** Data follows **

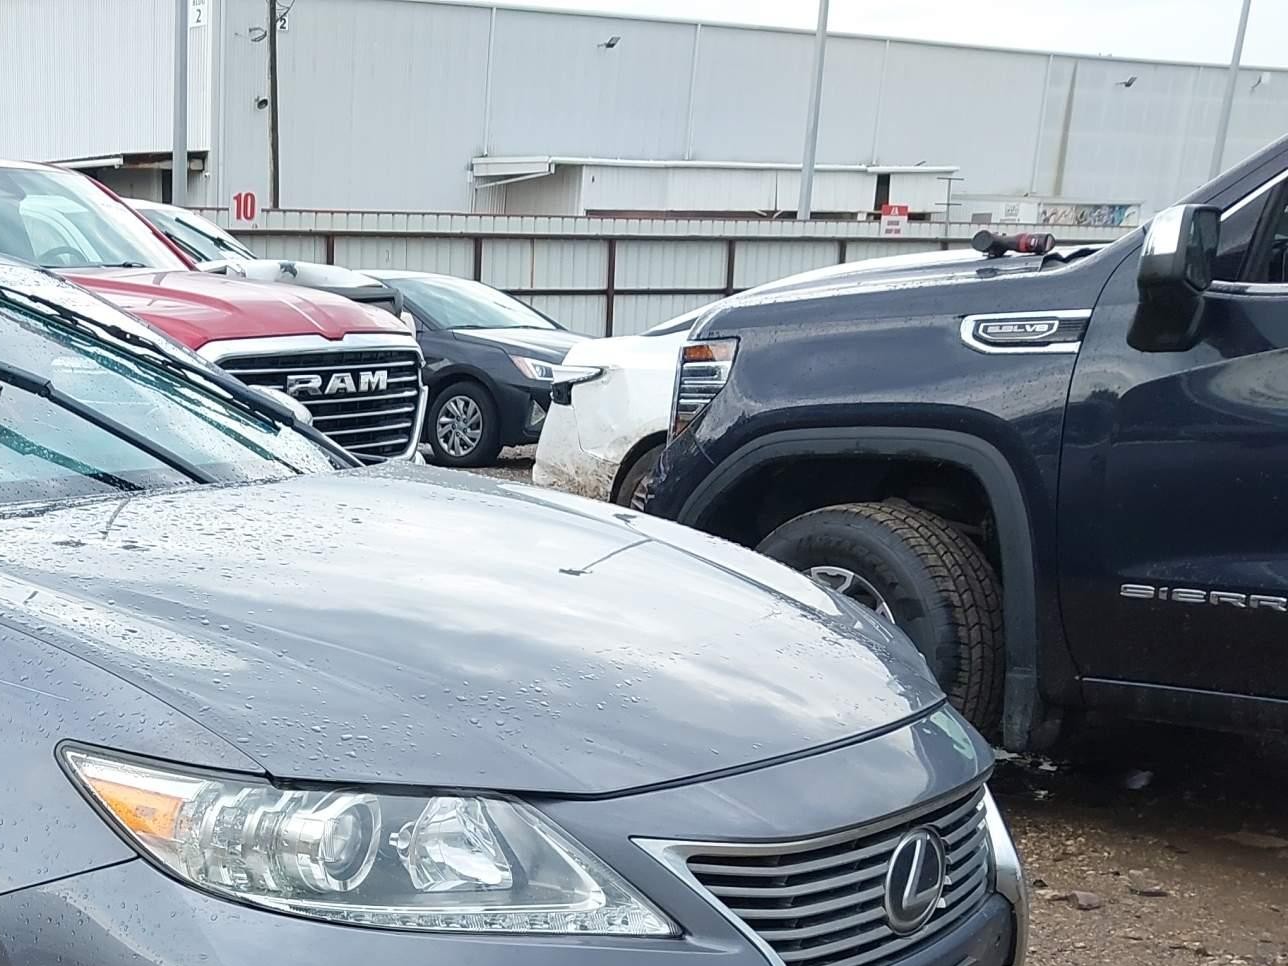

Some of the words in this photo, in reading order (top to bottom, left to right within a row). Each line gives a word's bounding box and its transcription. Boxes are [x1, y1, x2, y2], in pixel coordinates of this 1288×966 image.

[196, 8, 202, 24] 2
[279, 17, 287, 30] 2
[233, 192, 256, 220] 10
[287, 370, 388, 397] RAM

** End of Data **

■ **Exercise brief**
Return to the listing above and set it down exactly, leaving out its pictures.

■ **Solution for this task**
Some of the words in this photo, in reading order (top to bottom, left to right within a row). Each line gives a word's bounding box and its transcription. Boxes are [x1, y1, x2, y2], in pixel coordinates of this 1288×966 image.

[196, 8, 202, 24] 2
[279, 17, 287, 30] 2
[233, 192, 256, 220] 10
[287, 370, 388, 397] RAM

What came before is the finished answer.